Work item
Exclude the pictures and transcribe the rest of the data below exactly.
________
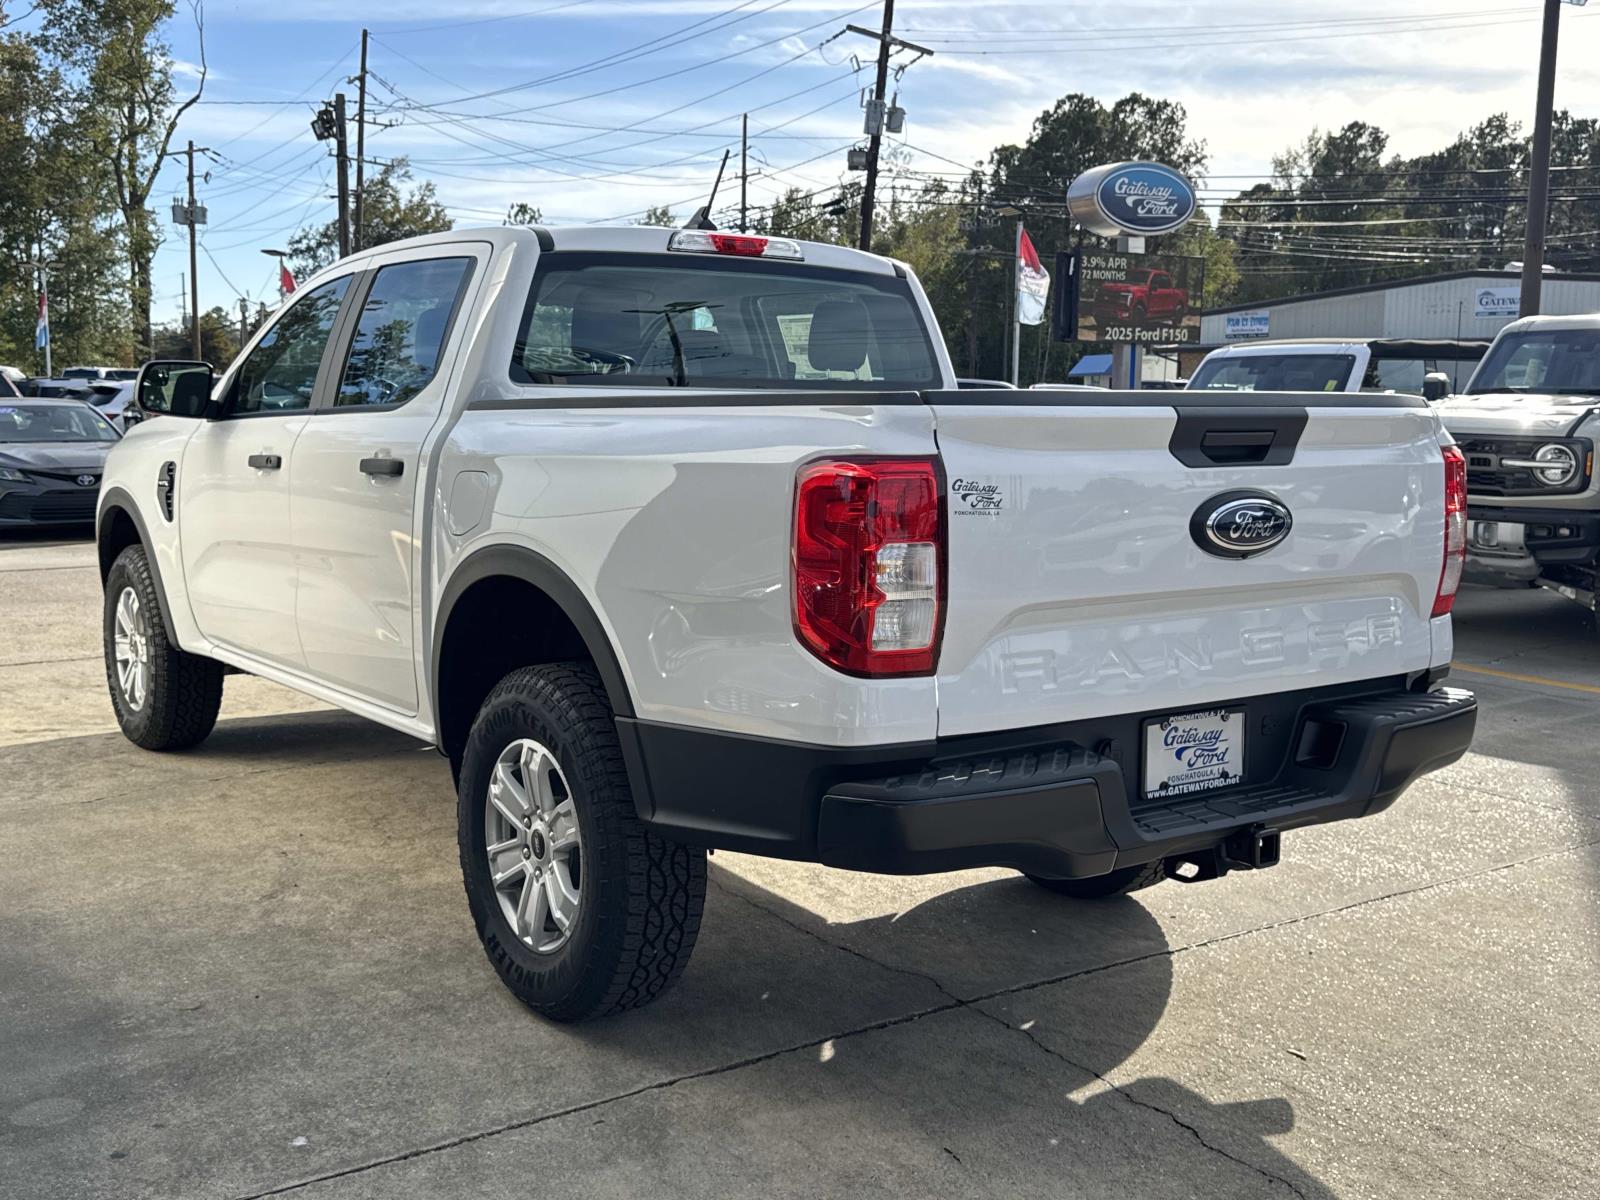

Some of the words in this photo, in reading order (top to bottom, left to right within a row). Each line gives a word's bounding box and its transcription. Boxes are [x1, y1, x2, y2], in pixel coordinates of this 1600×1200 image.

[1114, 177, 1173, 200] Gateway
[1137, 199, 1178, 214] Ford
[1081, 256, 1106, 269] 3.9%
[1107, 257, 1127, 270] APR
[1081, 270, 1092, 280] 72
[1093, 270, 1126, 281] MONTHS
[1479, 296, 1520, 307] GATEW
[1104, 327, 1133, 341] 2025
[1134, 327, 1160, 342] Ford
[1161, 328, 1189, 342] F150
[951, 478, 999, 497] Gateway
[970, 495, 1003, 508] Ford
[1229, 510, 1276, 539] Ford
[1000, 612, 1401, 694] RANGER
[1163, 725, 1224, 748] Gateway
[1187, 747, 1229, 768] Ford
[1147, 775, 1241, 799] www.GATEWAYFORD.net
________
Written reply
Some of the words in this photo, in reading order (top to bottom, left to right within a row). Each line gives a word's bounding box and its transcription. Boxes are [x1, y1, x2, y2], in pixel coordinates of this 1600×1200 image.

[1114, 177, 1173, 200] Gateway
[1137, 199, 1178, 214] Ford
[1081, 256, 1106, 269] 3.9%
[1107, 257, 1127, 270] APR
[1081, 270, 1092, 280] 72
[1093, 270, 1126, 281] MONTHS
[1479, 296, 1520, 307] GATEW
[1104, 327, 1133, 341] 2025
[1134, 327, 1160, 342] Ford
[1161, 328, 1189, 342] F150
[951, 478, 999, 497] Gateway
[970, 495, 1003, 508] Ford
[1229, 510, 1276, 539] Ford
[1000, 612, 1401, 694] RANGER
[1163, 725, 1224, 748] Gateway
[1187, 747, 1229, 768] Ford
[1147, 775, 1241, 799] www.GATEWAYFORD.net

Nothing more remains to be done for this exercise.